GitLab is betting a 19th-century economic theory will shape its AI era

As one of the stalwarts of the modern developer tooling industry, GitLab needs little introduction. The company helped popularize the idea of a single platform for managing the software development lifecycle, spanning source control, CI/CD, security scanning, collaboration, and deployment within a single system.

But now, GitLab is restructuring itself for a whole new paradigm: that AI agents will increase the amount of software being built — and developers will spend their time supervising, reviewing, and coordinating machine-generated code rather than writing every line themselves.

Bill Staples, who has served as GitLab’s CEO since co-founder Sid Sijbrandij stepped down in 2024, announced a slew of changes at the company this week, including layoffs, executive changes, product consolidation, and a renewed focus on AI-driven software development.

The overhaul comes during a difficult stretch for GitLab. The company’s market capitalization has dropped roughly 66% to around $3.7 billion over the past 15 months, as investors question how AI will reshape software development and developer tooling more broadly.

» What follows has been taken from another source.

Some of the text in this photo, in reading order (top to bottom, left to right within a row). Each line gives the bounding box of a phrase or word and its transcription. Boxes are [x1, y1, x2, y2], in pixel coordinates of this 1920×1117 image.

Staples, for his part, thinks he has an answer to quell this decline. In an open letter published on Monday, Staples argues that AI won’t shrink the software industry — it will expand it. Making software cheaper to produce, the thinking goes, will only create demand for more of it. Economists call that Jevons’ paradox — a nineteenth-century economic theory, named for the same effect that saw more efficient steam engines drive coal consumption up, not down — and GitLab is betting its future on it.

“As the cost of producing software collapses, demand for it will expand.”

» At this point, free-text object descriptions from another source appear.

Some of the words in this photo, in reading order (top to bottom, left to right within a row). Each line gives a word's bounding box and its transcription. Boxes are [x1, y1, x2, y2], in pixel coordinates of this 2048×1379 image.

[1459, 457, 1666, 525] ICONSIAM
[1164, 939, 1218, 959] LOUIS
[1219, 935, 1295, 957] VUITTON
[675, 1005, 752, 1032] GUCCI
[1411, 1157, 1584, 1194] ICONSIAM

“Software has been the force multiplier behind nearly every business transformation of the last two decades,” Staples writes. “The constraint was the cost and time of producing and managing it. That constraint is collapsing. As the cost of producing software collapses, demand for it will expand.”

A “machine-scale” rebuild for the agentic era

Digging into the details of the letter, Staples points to several large architectural and organizational bets built around what GitLab calls the “agentic era” of software development.

“Software will be built by machines, directed by people,” Staples writes. “Agents will plan, code, review, deploy, and repair.”

Crucially, Staples argues that this won’t reduce the importance of engineers, though it does change where their value exists. Developers will focus on higher-level system design, architecture, governance, reasoning through failures, and coordinating fleets of AI systems operating across the software lifecycle.

That framing also helps explain why GitLab is putting such heavy emphasis on orchestration. In Staples’ telling, the new challenge is coordinating large numbers of agents operating simultaneously across repositories, pipelines, approvals, deployments, and enterprise policy systems.

“Enterprises don’t need agent activity. They need running software that moves the business forward. Orchestration is the layer that gets you there.”

“Enterprises don’t need agent activity,” Staples notes. “They need running software that moves the business forward. Orchestration is the layer that gets you there.”

To support that shift, GitLab is rebuilding large parts of its underlying platform for what it describes as “machine-scale” requirements. Staples argues that existing developer infrastructure was largely designed around human-paced workflows — individual developers opening pull requests, triggering pipelines, and committing code at relatively predictable rates. AI agents change that dynamic entirely.

“Agents open merge requests in parallel, trigger pipelines around the clock, and push commits at a rate no human team ever did,” Staples writes.

GitLab has already been laying the foundation for this new direction, including its Duo Agent Platform, which launched in January. Speaking to The New Stack in February, Staples argued that coding was never really the bottleneck — developers spend only 10 to 20% of their day writing code, with the rest consumed by reviews, pipeline runs, security scans, and compliance checks. “That code being generated even faster just gets stuck in the queues that follow on the coding,” he said. The Duo Agent Platform is GitLab’s attempt to automate across that entire lifecycle, not just the coding part.”

Leaning on its legacy

Among the company’s bigger bets are rebuilding GitLab into more API-first, composable services, developing agent-specific APIs, and redesigning orchestration systems capable of coordinating autonomous software agents across the full development lifecycle.

But GitLab also believes its biggest advantage in the AI era may come from something older and vaster: the amount of enterprise context already flowing through its platform.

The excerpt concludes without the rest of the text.